Once again, taking occasion of human interests and preoccupations,
Jesus awakes a desire for things supernatural; in the same way as He
led St. Peter and others away from their work as fishermen to involve
them in the apostolic work of being fishers of men, He leads the
Samaritan woman away from her chore of drawing water from the well to
the point where she desires to find this better water which wells up to
eternal life (verse 14).

13-14. Our Lord's reply is surprising and really captures the woman's
attention. Here is something greater than Jacob, someone offering her
water that will quench her thirst once and for all. Christ is
referring to the change worked in every person by sanctifying grace, a
share in God's own life, the presence of the Holy Spirit in the soul,
the great gift which those who believe in Him will receive.

We worry about the future, we are full of desires to be happy and at
peace; a person who receives our Lord and remains united to Him as a
branch to the vine (cf.

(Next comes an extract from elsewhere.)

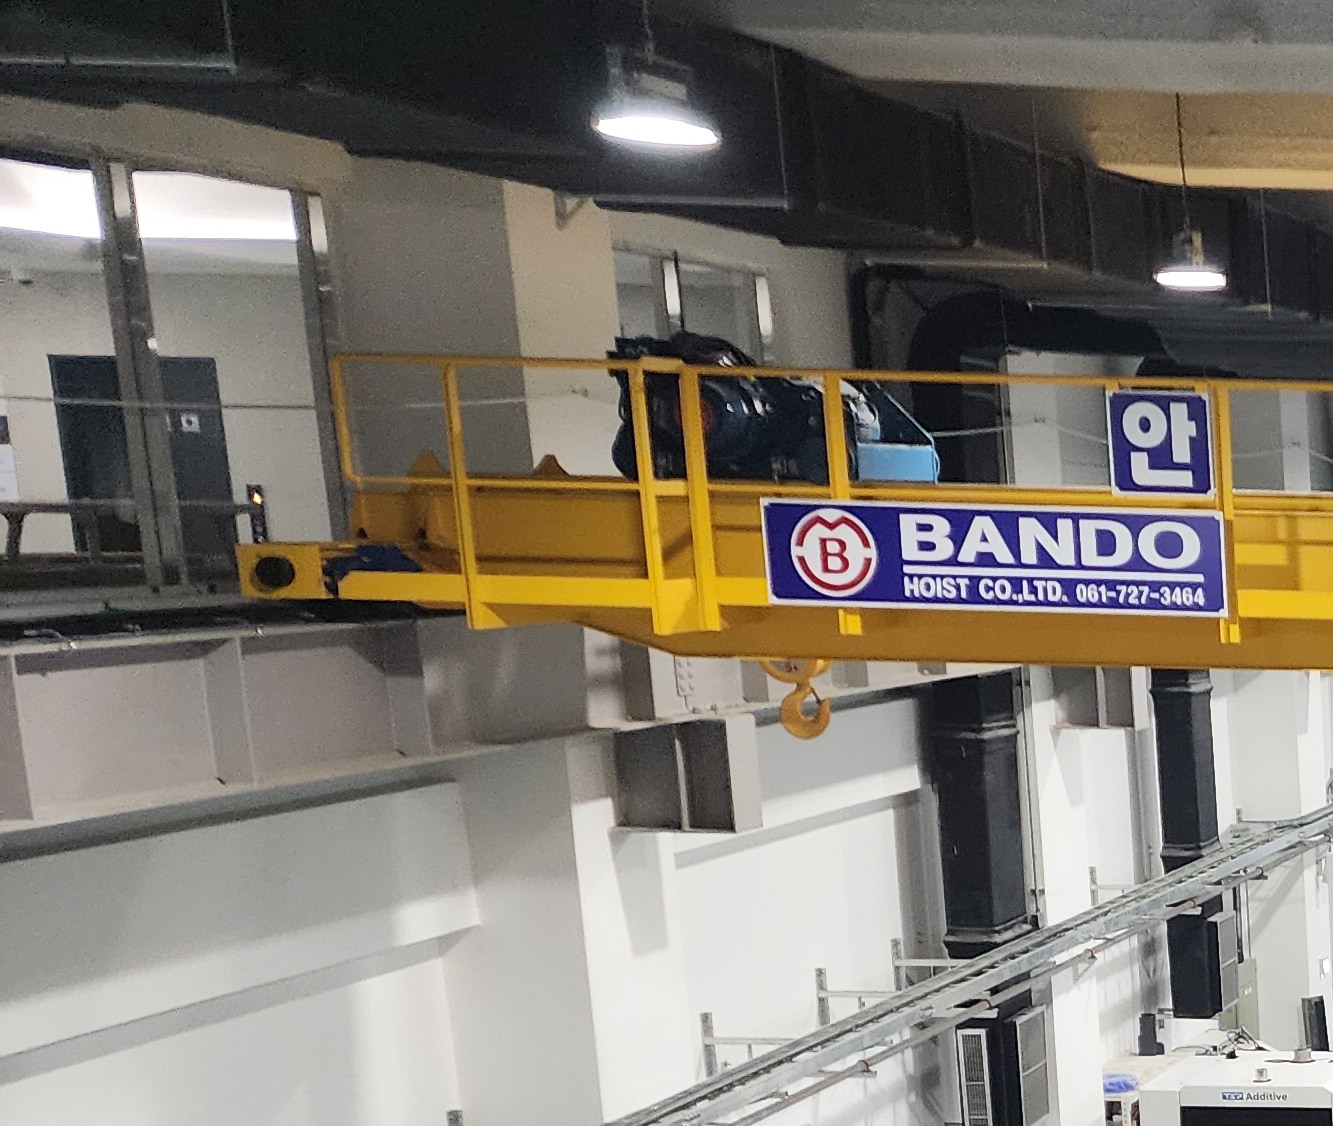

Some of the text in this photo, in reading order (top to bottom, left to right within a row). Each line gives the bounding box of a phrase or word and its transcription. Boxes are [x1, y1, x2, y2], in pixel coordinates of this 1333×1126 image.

John 15:4-5) will not only slake his thirst but
become a well of living water (cf. John 7:37-39).

16-19. Although the woman cannot yet realize the deep meaning of what
He is saying, Jesus uses her growing interest to reveal to her His
divinity, little by little: He shows that He knows about her life, the
secrets of her heart; He can read her conscience. In this way, He
gives her enough to motivate her to make her first act of faith: "I
perceive that You are a prophet". Her conversion has begun.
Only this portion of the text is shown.